ASSIGNMENT — Could the entries below be transcribed word for word, with the pictures omitted?

Start of SOURCE DATA

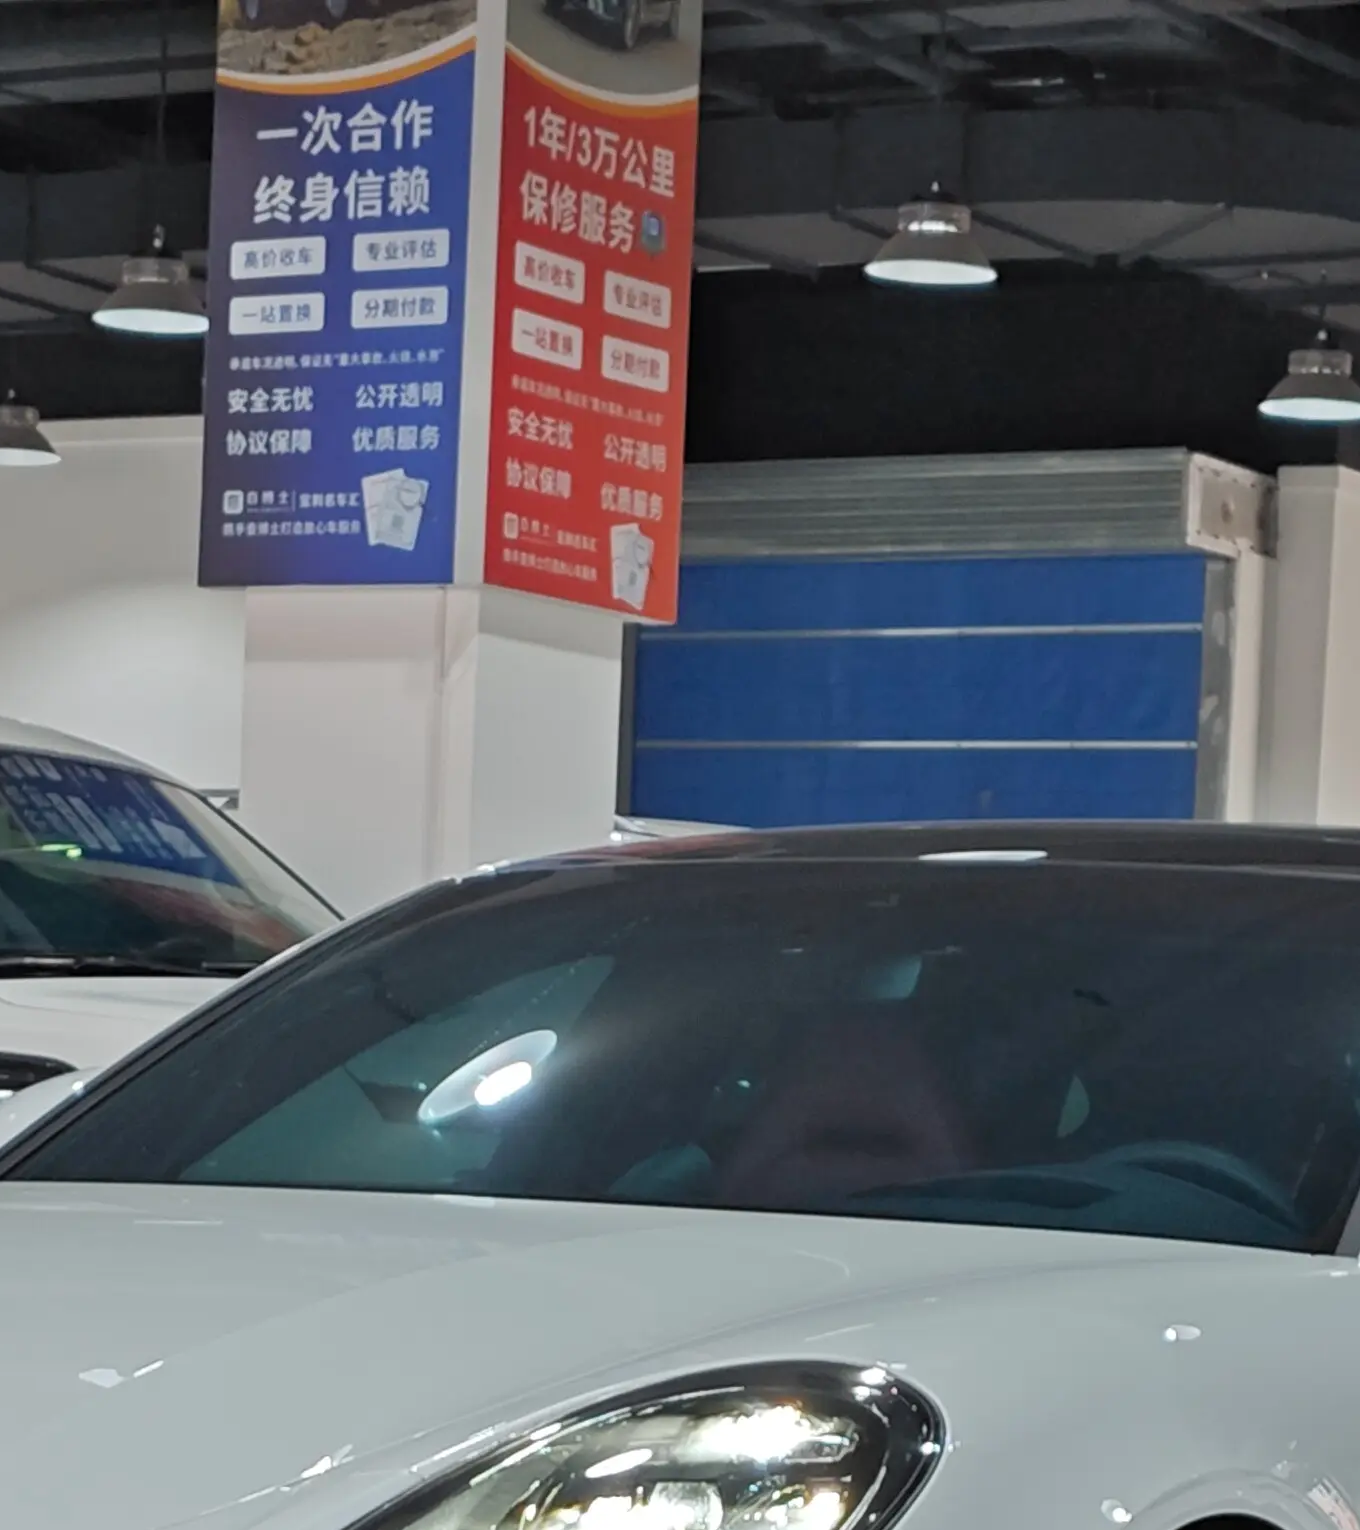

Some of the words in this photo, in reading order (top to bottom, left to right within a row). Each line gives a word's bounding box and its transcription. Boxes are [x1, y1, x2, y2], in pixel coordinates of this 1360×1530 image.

[256, 99, 434, 155] 一次合作
[524, 105, 675, 198] 1年/3万公里
[253, 165, 431, 224] 终身信赖
[520, 170, 635, 254] 保修服务
[243, 246, 313, 269] 高价收车
[366, 239, 437, 261] 专业评估
[242, 304, 311, 323] 一站置换
[364, 297, 435, 318] 分期付款
[610, 348, 661, 381] 分期付款
[228, 385, 314, 414] 安全无忧
[355, 381, 443, 408] 公开透明
[226, 428, 312, 456] 协议保障
[352, 424, 441, 452] 优质服务
[507, 405, 574, 450] 安全无忧
[603, 433, 667, 472] 公开透明
[505, 456, 572, 499] 协议保障
[600, 482, 664, 521] 优质服务
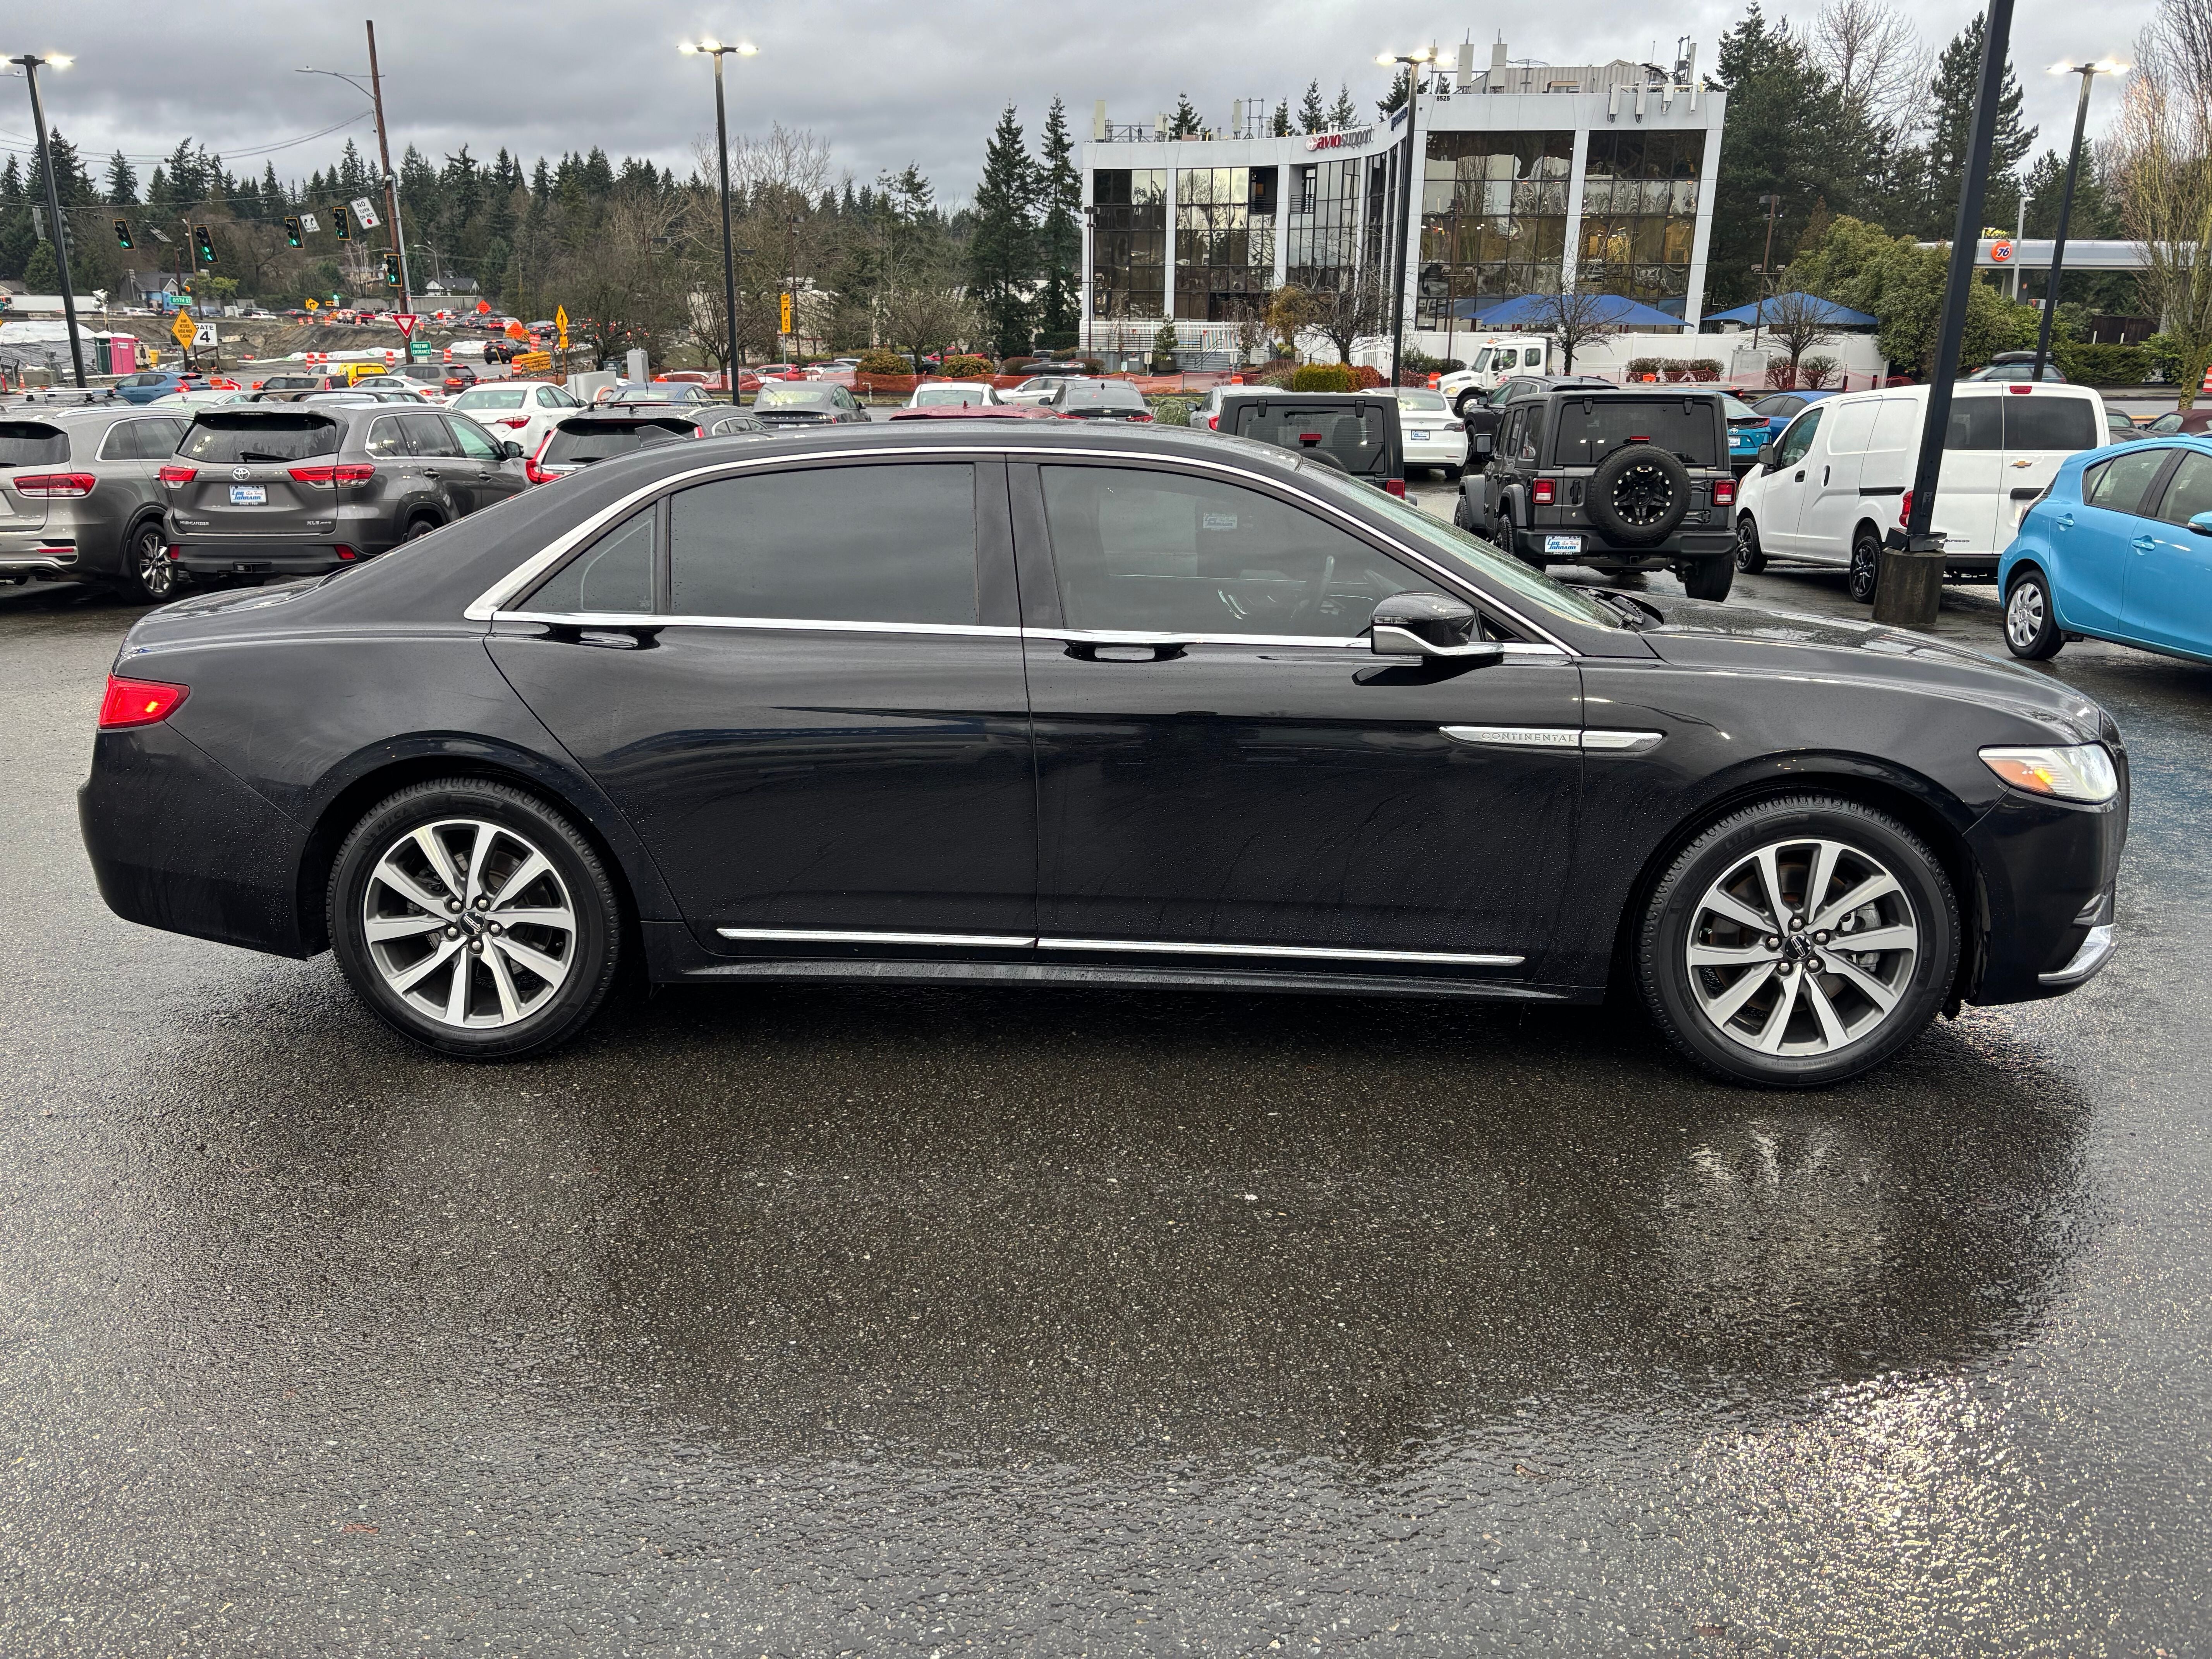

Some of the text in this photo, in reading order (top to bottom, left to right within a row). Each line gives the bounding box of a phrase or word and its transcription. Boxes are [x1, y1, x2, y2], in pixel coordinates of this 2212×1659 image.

[1996, 247, 2010, 258] 76
[199, 331, 211, 343] 4
[1482, 733, 1574, 742] CONTINENTAL
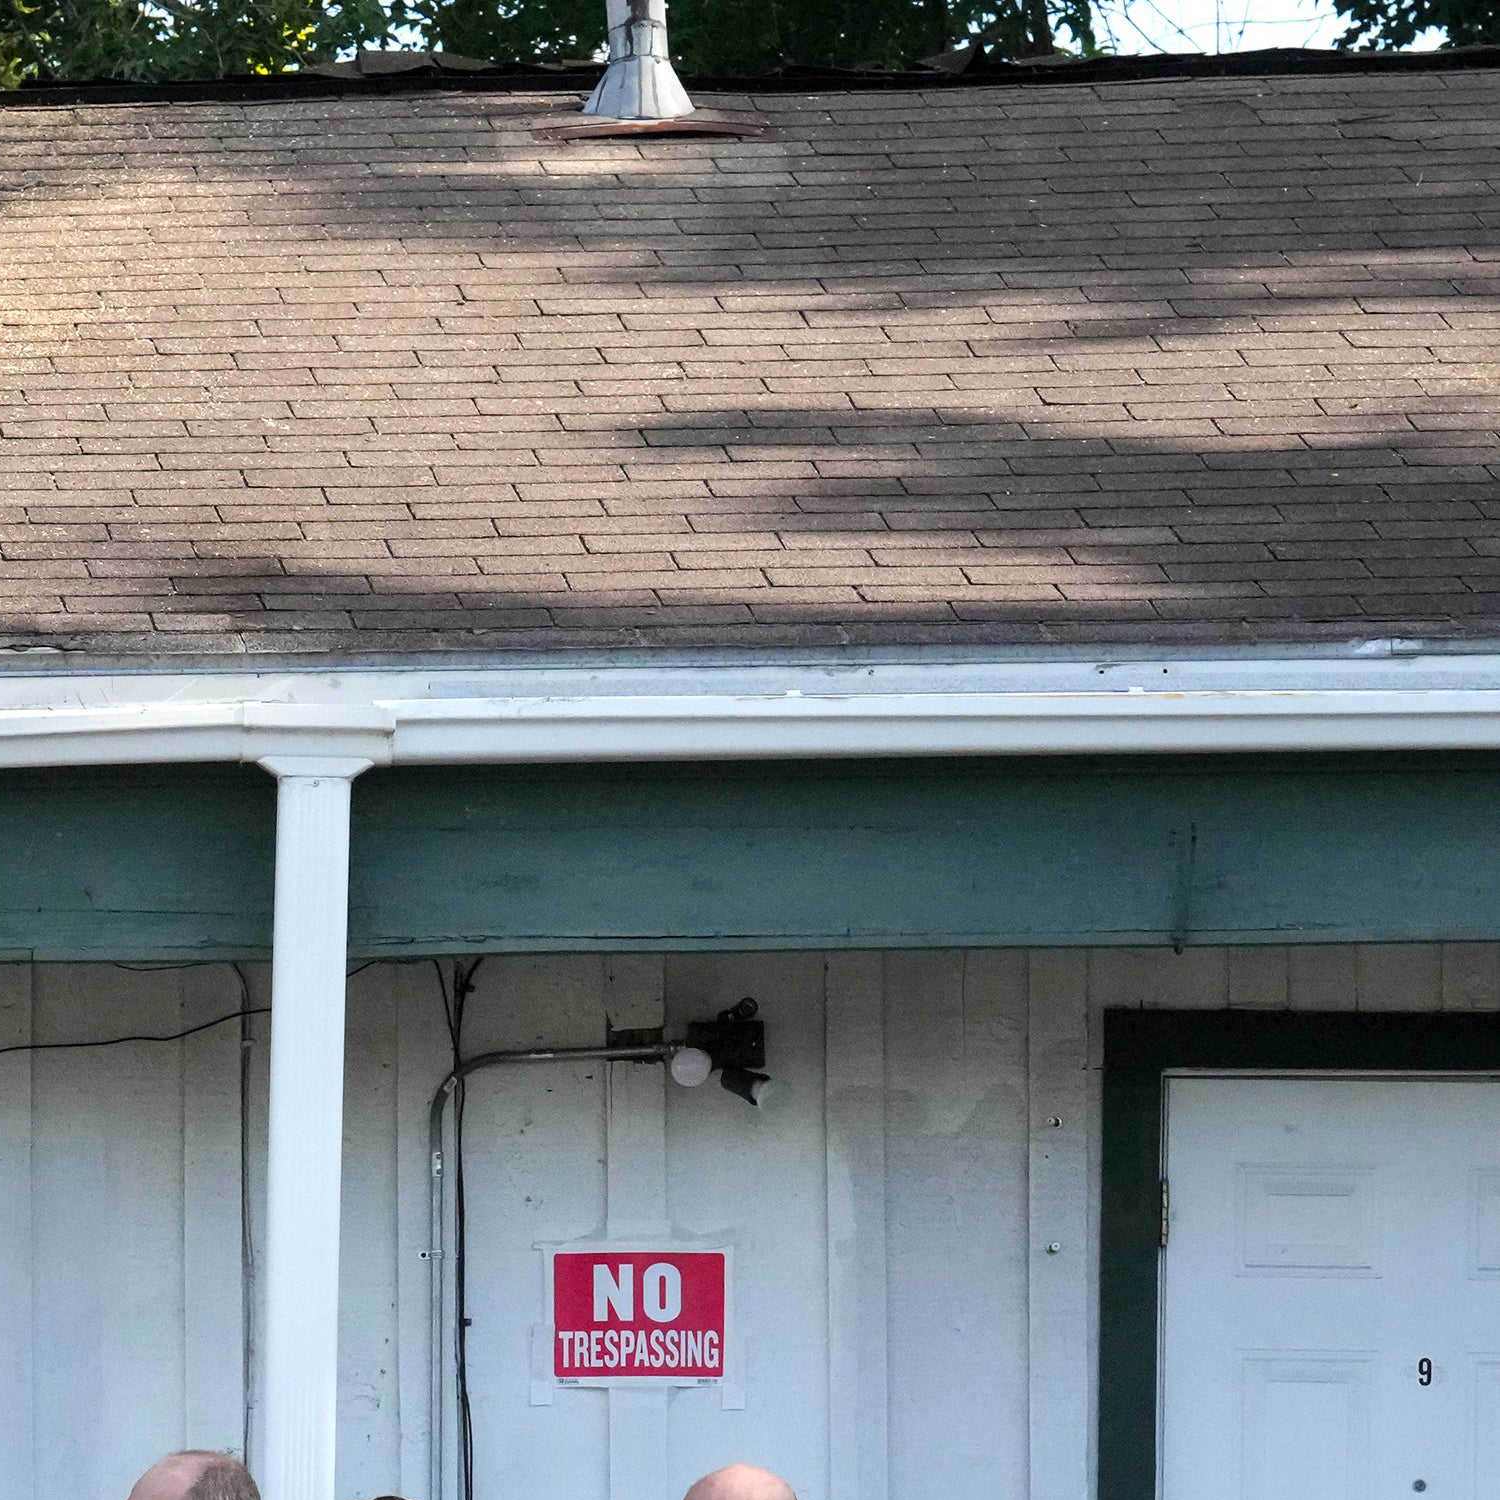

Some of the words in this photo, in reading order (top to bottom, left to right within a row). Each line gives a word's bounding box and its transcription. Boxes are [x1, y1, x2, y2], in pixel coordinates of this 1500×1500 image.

[593, 1262, 682, 1323] NO
[558, 1329, 720, 1369] TRESPASSING
[1418, 1357, 1432, 1386] 9

End of SOURCE DATA

SOLVED PROBLEM —
Some of the words in this photo, in reading order (top to bottom, left to right within a row). Each line gives a word's bounding box and its transcription. Boxes are [x1, y1, x2, y2], in pixel coordinates of this 1360×1530 image.

[256, 99, 434, 155] 一次合作
[524, 105, 675, 198] 1年/3万公里
[253, 165, 431, 224] 终身信赖
[520, 170, 635, 254] 保修服务
[243, 246, 313, 269] 高价收车
[366, 239, 437, 261] 专业评估
[242, 304, 311, 323] 一站置换
[364, 297, 435, 318] 分期付款
[610, 348, 661, 381] 分期付款
[228, 385, 314, 414] 安全无忧
[355, 381, 443, 408] 公开透明
[226, 428, 312, 456] 协议保障
[352, 424, 441, 452] 优质服务
[507, 405, 574, 450] 安全无忧
[603, 433, 667, 472] 公开透明
[505, 456, 572, 499] 协议保障
[600, 482, 664, 521] 优质服务

Some of the text in this photo, in reading order (top to bottom, left to right within a row). Each line gives the bounding box of a phrase or word and its transcription. Boxes are [x1, y1, x2, y2], in pixel coordinates of this 2212×1659 image.

[1996, 247, 2010, 258] 76
[199, 331, 211, 343] 4
[1482, 733, 1574, 742] CONTINENTAL

Some of the words in this photo, in reading order (top to bottom, left to right within a row). Each line gives a word's bounding box and its transcription. Boxes are [x1, y1, x2, y2], in pixel coordinates of this 1500×1500 image.

[593, 1262, 682, 1323] NO
[558, 1329, 720, 1369] TRESPASSING
[1418, 1357, 1432, 1386] 9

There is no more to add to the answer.